Universidad Nacional Autónoma de México
Ingeniería en Computación
Compiladores
Lexer - Lexical Analysis
Alumnos:
320198388
320051665
320298608
320244612
320054336
Grupo 5
Semestre 2025-2
México, CDMX. Marzo 2025
In this project, our team will develope a lexer using the Hare programming language, both for implementing the lexical analyzer and for the language it will process. The lexer is one of the first stages on a compiler or interpreter, its main function is to take a sequence of characters from the input and transform it into a string of tokens, that represent meaningful sintactic units of the language. Using Hare as the development language will allow us to take advantage of its minimalist and efficient approach, ensuring a fast and reliable lexer. Throughout the development process, we will implement lexical rules that will define the structure of the target language, including identifiers, operators, keywords and other essential sintactic elements. This project will not only allow us to explore the construction of lexical analyzers but also deepen our understanding of Hare ans its applicability in developing tools for programming languages.
The first phase of a compiler is known as lexical analisys. In this phase, the source program is read character by character from left to right, organizing each part of the code into tokens. Tokens are meaningful sequences of characters, than can be divided into six different categories depending on the characteristic of the token and the programming language, being the categories of the tokens the next ones:
- Keywords: the strings asigned to this group are the the ones that belong to strings that are reserved as special words for the language An example for this in Hare is the word let, to declare variables.
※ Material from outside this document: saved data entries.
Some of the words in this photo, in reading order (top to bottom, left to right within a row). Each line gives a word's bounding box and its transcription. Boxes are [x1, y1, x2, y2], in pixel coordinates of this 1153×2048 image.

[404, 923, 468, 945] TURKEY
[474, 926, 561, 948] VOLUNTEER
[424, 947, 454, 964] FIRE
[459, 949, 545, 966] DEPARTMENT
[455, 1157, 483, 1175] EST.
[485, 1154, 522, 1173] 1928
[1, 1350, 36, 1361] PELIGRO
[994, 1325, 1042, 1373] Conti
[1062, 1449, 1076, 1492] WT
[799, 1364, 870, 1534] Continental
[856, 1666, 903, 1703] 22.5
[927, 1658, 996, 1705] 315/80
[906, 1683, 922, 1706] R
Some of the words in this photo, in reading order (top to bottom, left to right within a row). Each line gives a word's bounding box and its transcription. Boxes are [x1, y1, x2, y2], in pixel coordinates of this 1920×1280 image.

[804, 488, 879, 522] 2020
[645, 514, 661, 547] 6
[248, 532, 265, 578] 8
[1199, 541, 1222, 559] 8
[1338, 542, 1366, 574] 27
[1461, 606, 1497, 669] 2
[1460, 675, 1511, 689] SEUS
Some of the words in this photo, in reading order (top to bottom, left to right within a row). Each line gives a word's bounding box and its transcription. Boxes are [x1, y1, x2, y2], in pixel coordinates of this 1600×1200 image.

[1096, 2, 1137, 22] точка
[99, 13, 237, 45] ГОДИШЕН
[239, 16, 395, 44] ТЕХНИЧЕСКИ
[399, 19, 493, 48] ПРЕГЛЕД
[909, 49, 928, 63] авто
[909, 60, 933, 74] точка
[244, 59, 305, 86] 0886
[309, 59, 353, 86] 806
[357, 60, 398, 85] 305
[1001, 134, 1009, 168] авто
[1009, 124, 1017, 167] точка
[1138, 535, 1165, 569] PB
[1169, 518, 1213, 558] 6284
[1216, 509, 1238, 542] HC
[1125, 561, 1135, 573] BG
- Identifiers: these strings are asigned to this group when they are used to name a variable, function, etc.
- Punctuators: these strings are used to delimit a block of code or to indicate the end of a section. This could be "()", "{}" or "[]" to indicate where the block starts and ends, "," to separate strings or ";" to indicate the end of the line.
- Literals: these are strings that will never change, such as code inside of quotation marks.
- Operators: these characters are asigned to this group when their purpose is to indicate a type of operation that is going to be realized, such as "+", "-", etc. Constants: these are strings that, once the code is executed their value will never change, such as numbers or strings asigned to variables.
Tokens are the inputs for syntax analysis and interpret the meaning of these tokens. Syntax analysis checks if the tokens are arranged according to the language’s grammar. A context-free grammar define the syntax rules of a programming language. A grammar is said to be the context-free grammar (CFG) if every production is in the form of:
G -> (V∪T)*, where G ∈ V
This equation states that every production which contains any combination of the 'V' variable or 'T' terminal is said to be a context-free grammar.
A context-free grammar is defined by:
- Nonterminal symbols (variables).
- Terminal symbols (alphabet).
- Production rules.
- Start symbol.
Context-free grammars have some problems and limitations, including ambiguity and left recursion. Ambiguity generates multiple parse trees for the same input, and left recursion can cause an infinite loop. To create an optimal syntax analyzer, we need to ensure that the CFG is deterministic, right-recursive (eliminating left recursion), and reduces or eliminates ambiguity.
A grammar has direct left recursion if there is a derivation: S -> S𝛼|β, where 𝛼 is a string that can contain terminals or non-terminals, and β is a terminal . The algorithm to convert it to right recursion begins by introducing a new nonterminal and writing it at the end of every production: S -> β S'
The newly produced nonterminal S' can either produce S' or it can produce a new production where the terminals or non-terminals that follow S will be replaced by the new nonterminal S' at the end of the term: S' -> 𝛼S'|ε
After conversion, the new equivalent production is:
S -> β S'
S' -> 𝛼S'|ε
This process can be repeated for all the introduced nonterminal if they still have left recursion. Additionally, it can be combined with left factoring.
Left factoring removes the common left factor that appears in two or more productions of the same nonterminal, introducing a new nonterminal. For the production:
A -> 𝛼β1|𝛼β2|𝛼β3
After applying left factoring, the grammar becomes:
A -> 𝛼A'
A' -> β1|β2|β3
In compiler design, BNF stands for Backus-Naur Form notation. It is a formal method for describing the syntax of programming languages, which is understood as the Backus-Naur Form introduced by John Backus and Peter Naur in 1960. The symbol '::=' means "may expand into" or "may be replaced with." Every name is surrounded by angle brackets (< >), whether it appears on the left- or right-hand side of the rule. Simply juxtaposing expressions indicates sequencing, and a vertical bar (|) indicates choice.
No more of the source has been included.